Higher-Than-Expected Inflation in May Shifts Rate Cut Expectations

The Consumer Price Index (CPI) unexpectedly rose 2.9% in May year-over-year, up from 2.7% in April. This increase was mainly due to higher service costs and, to a smaller degree, food prices. Service prices climbed in May, driven by cell phone plans, travel, rent, and flights. Price growth for goods remained at 1%, while food prices rose faster. 


The Bank of Canada's core inflation measures, the trim and median rates, filter out volatile prices to reveal the underlying inflation trend. Both of these measures were slightly higher in May than economists had expected. 

 

Chief Economist Dr. Sherry Cooper highlighted shelter costs as a massive component of inflation this cycle, led by rising rent and mortgage interest costs. Rent prices jumped 0.9% in May, pushing the annual increase to 8.9% y/y. While mortgage interest costs eased slightly, they remain the largest contributor to inflation.


According to the Canadian Real Estate Association (CREA), national home sales declined slightly by 0.6%, falling slightly short of the ten-year average.


With slower sales and new listings up slightly in May, the national sales-to-new listing ratio dropped to 52.6% in May, remaining within the 45%-65% range of balanced market conditions. Once the Bank continues its rate cuts, housing market activity will likely increase over the next year, according to Dr. Sherry Cooper.

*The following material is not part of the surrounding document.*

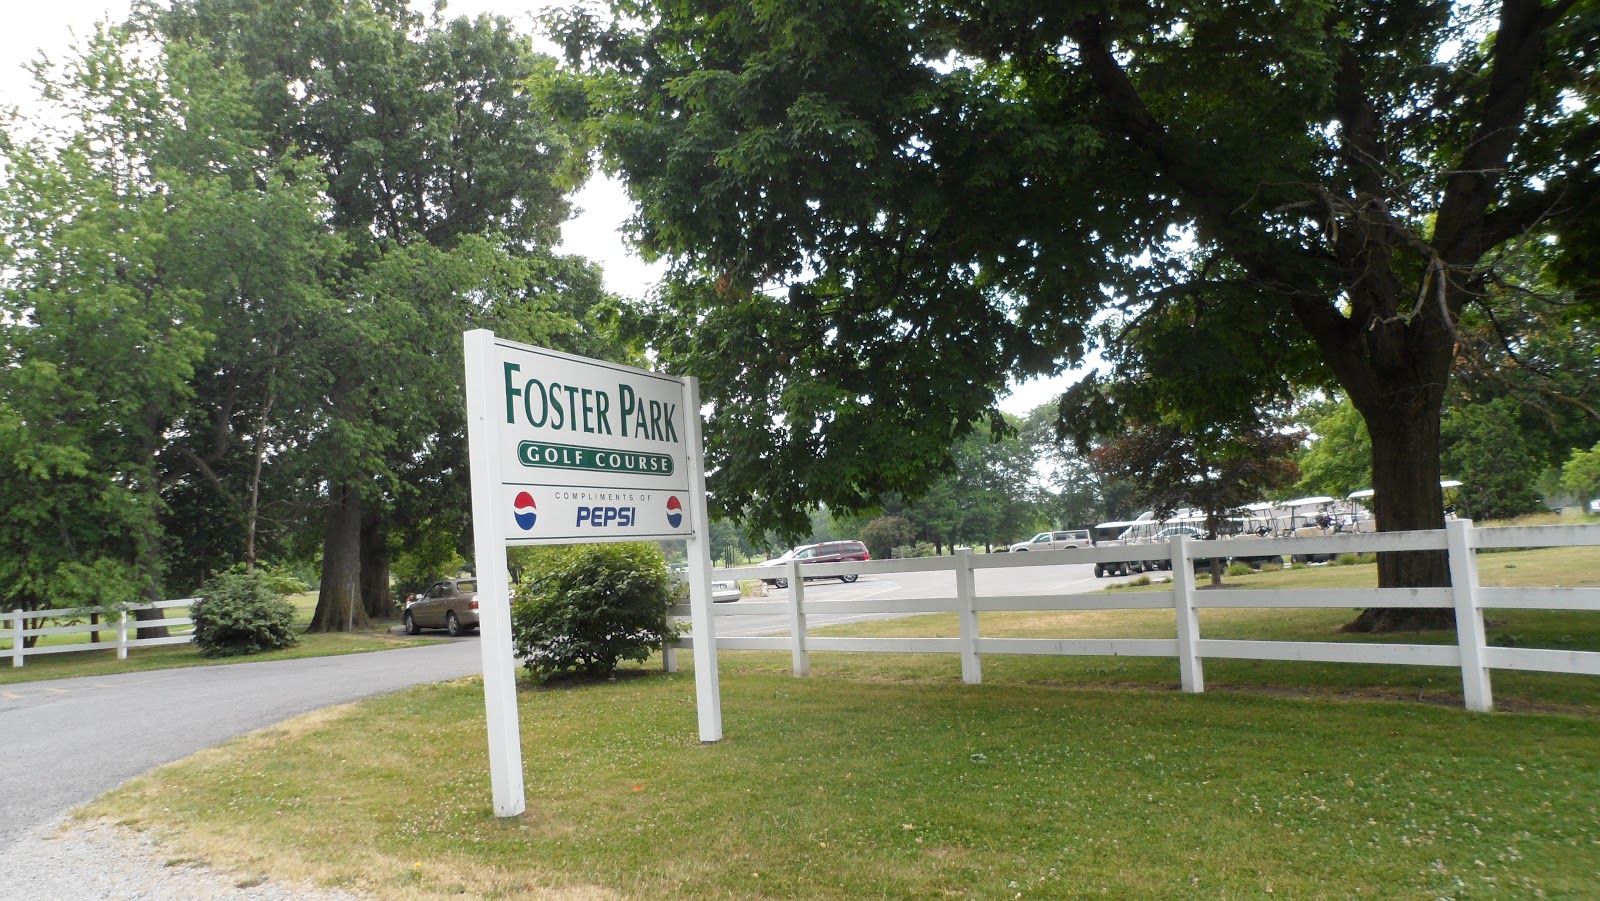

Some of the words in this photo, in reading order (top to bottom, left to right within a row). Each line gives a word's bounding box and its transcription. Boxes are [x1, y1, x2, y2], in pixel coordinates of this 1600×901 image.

May’s inflation data fell short of the Bank of Canada's expectations, which has reduced the likelihood of another rate cut at their next meeting on July 24. However, the upcoming release of June inflation figures on July 16 could influence their decision. Dr. Sherry Cooper expects the next interest rate cut will likely be postponed until September unless June inflation significantly declines.